“Meet me in the end zone,” the receiver told his offensive line.
That would’ve been downright hilarious from a member of last season’s woeful 49ers—but then Bryant made a 72-yard touchdown catch, keying San Francisco’s 20-13 victory over the St. Louis Rams on Sunday.
Perhaps these 49ers are capable of such boldness after all. They certainly made enough big plays to stun the Rams for the third straight time.
“I had my mind made up. That’s how you build confidence in a team and get guys believing in me,” said Bryant, who had four catches for 131 yards and his first touchdown for his new team. “We got it done, and we should have got even more touchdowns.”
The 49ers’ defense also looked tougher than most expected, sacking Marc Bulger six times and holding strong in the final minutes of San Francisco’s second straight home-opening win over its oldest rival.
Though the postgame scene wasn’t nearly as festive as the back-slapping, handshaking party after last season’s opening win, coach Mike Nolan again sees progress from his club. Alex Smith passed for 233 yards and Frank Gore rushed for 127—including a 32-yard score—as the 49ers (1-1) followed up a narrow loss at Arizona last week with a cohesive victory.
“We’re not doing everything right, but it’s nice to be able to get some rhythm,” Smith said.
Meanwhile, San Francisco’s defense forced Bulger’s fourth-quarter fumble and made another big stop in the closing minutes, showing off a pass rush that didn’t exist in the preseason.
“There’s things you hide in the preseason. We were hiding all our sacks,” Nolan said with a smirk.
The Rams (1-1) have abandoned the “Greatest Show on Turf” offense that tormented the Niners for so many years—and they’ve scored just one touchdown in their first two games under new coach Scott Linehan.
Stephen Jackson rushed for 103 yards, but mistakes and big stops limited the Rams to three points and 118 yards in the second half.
“We’re moving it well at times, but we’re not finishing enough,” said Bulger, who took a beating while going 19-of-34 for 185 yards. “We’re learning this new system.
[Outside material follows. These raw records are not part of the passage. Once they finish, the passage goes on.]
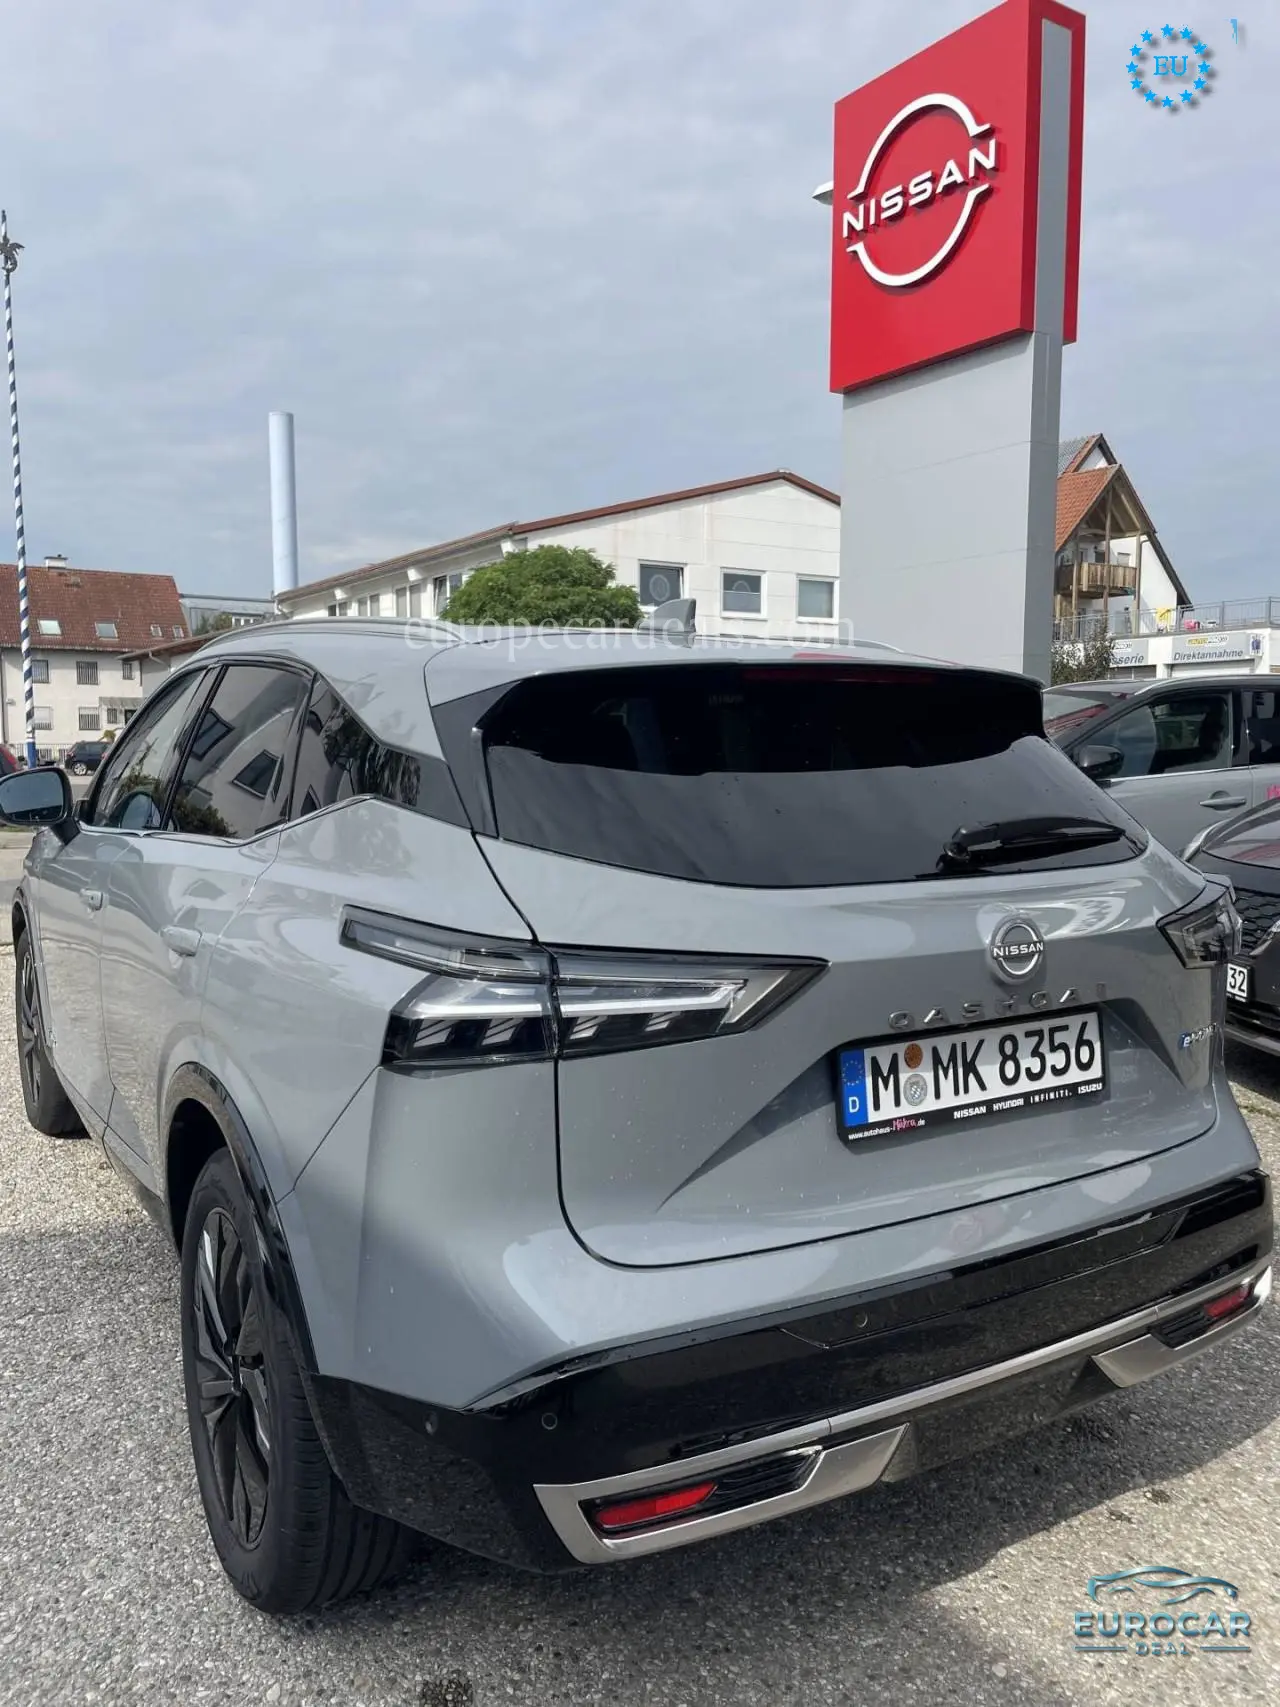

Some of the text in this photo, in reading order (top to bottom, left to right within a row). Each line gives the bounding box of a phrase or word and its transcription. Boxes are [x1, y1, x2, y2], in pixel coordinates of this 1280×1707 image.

[842, 139, 997, 239] NISSAN
[1173, 648, 1244, 662] Direktannahme
[993, 941, 1044, 958] NISSAN
[1229, 966, 1246, 993] 32
[870, 1021, 1096, 1112] M MK 8356
[848, 1096, 860, 1113] D
[953, 1105, 987, 1120] NISSAN
[993, 1098, 1025, 1111] HYUNDAI
[1077, 1082, 1103, 1095] ISUZU
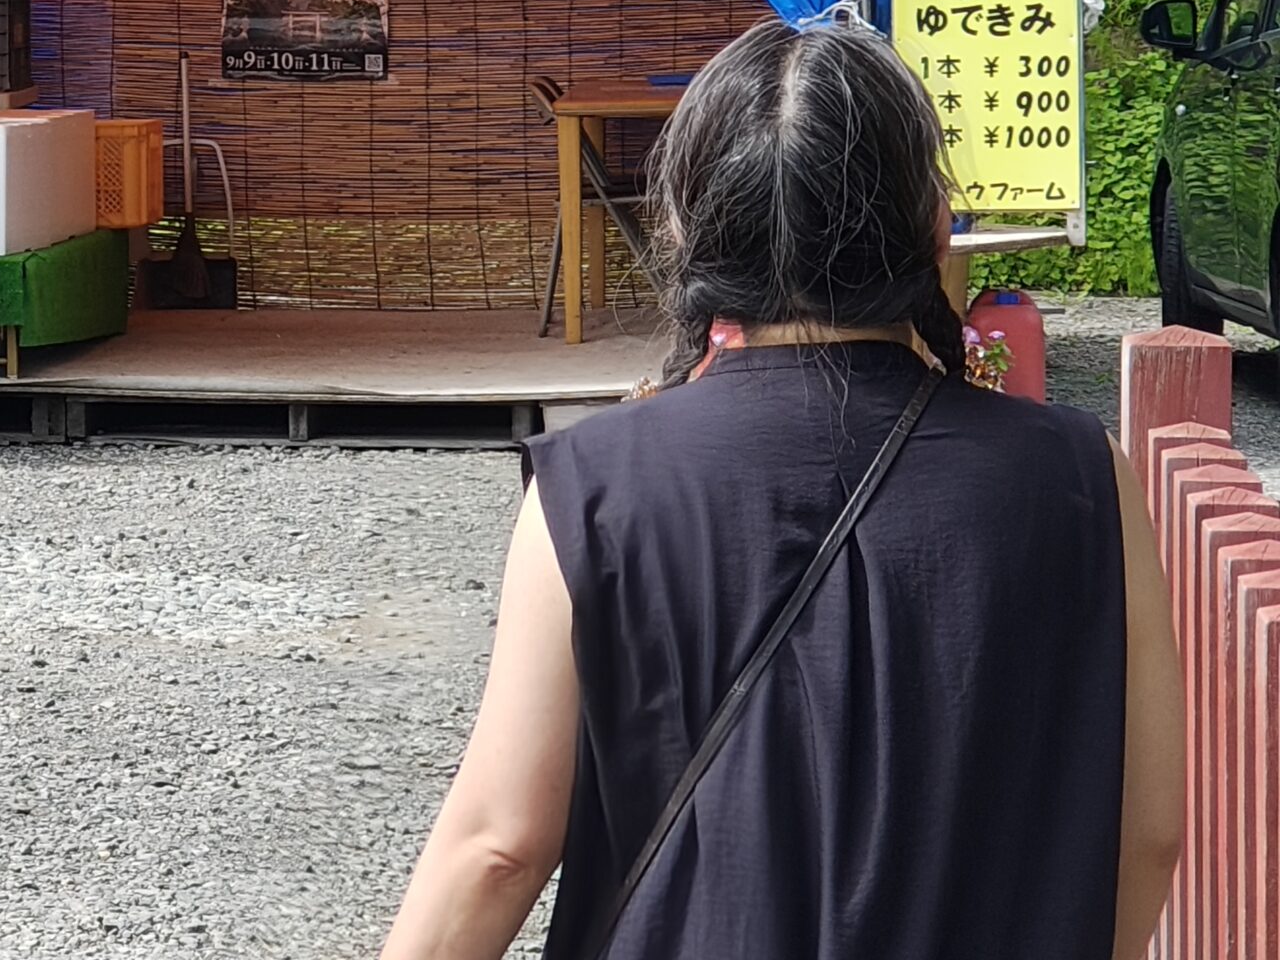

It’s going to take time and reps. We’ve got to grow with it. It’s painful, but it’s reality.”
Coordinator Jim Haslett’s defense played well again, but yielded those big plays by a San Francisco offense that rarely gained yards in bunches while going 4-12 last season. The Niners scored two touchdowns in the first 5 minutes after halftime, and the defense made them stand up.
The Rams then went three-and-out, with Bryant Young sacking Bulger—and the Niners ran out the clock, with Gore surging for key gains just as Marshall Faulk often ground up time against the 49ers in years past.
“Sacks are big momentum plays, and they’re hard to overcome offensively,” Linehan said. “Even if you get no yards on a run or throw an incomplete pass, you’re still starting over where you were. That’s something we have to fix.”
Torry Holt caught an early TD pass for the Rams, who also lost two key starters to injuries.
Left tackle Orlando Pace, a seven-time Pro Bowl selection, left the game at halftime with a concussion, while linebacker Pisa Tinoisamoa dislocated his elbow in the third quarter. Pace was taken to a hospital for tests.
The 49ers played without their two best offensive linemen—left guard Larry Allen and left tackle Jonas Jennings—because of minor injuries, yet still operated well with Adam Snyder and Tony Wragge filling in.
St. Louis led 10-3 at halftime when Bulger capped a short scoring drive with a 4-yard TD pass to Holt, but Maurice Hicks returned the halftime kickoff 59 yards for the 49ers, and Gore then cut nimbly outside St. Louis’ defense for a score.
Three minutes later, Smith hit Bryant in full stride down the Rams sideline.
Rookie LB Manny Lawson and blitzing S Chad Williams had two sacks apiece for the Niners. … 49ers CB Walt Harris made a team-high seven tackles and defended three passes. … Coach Mike Nolan is unbeaten in three games against the Rams. His father, Dick, went 2-13-1 against the Los Angeles Rams while coaching the Niners from 1968-75.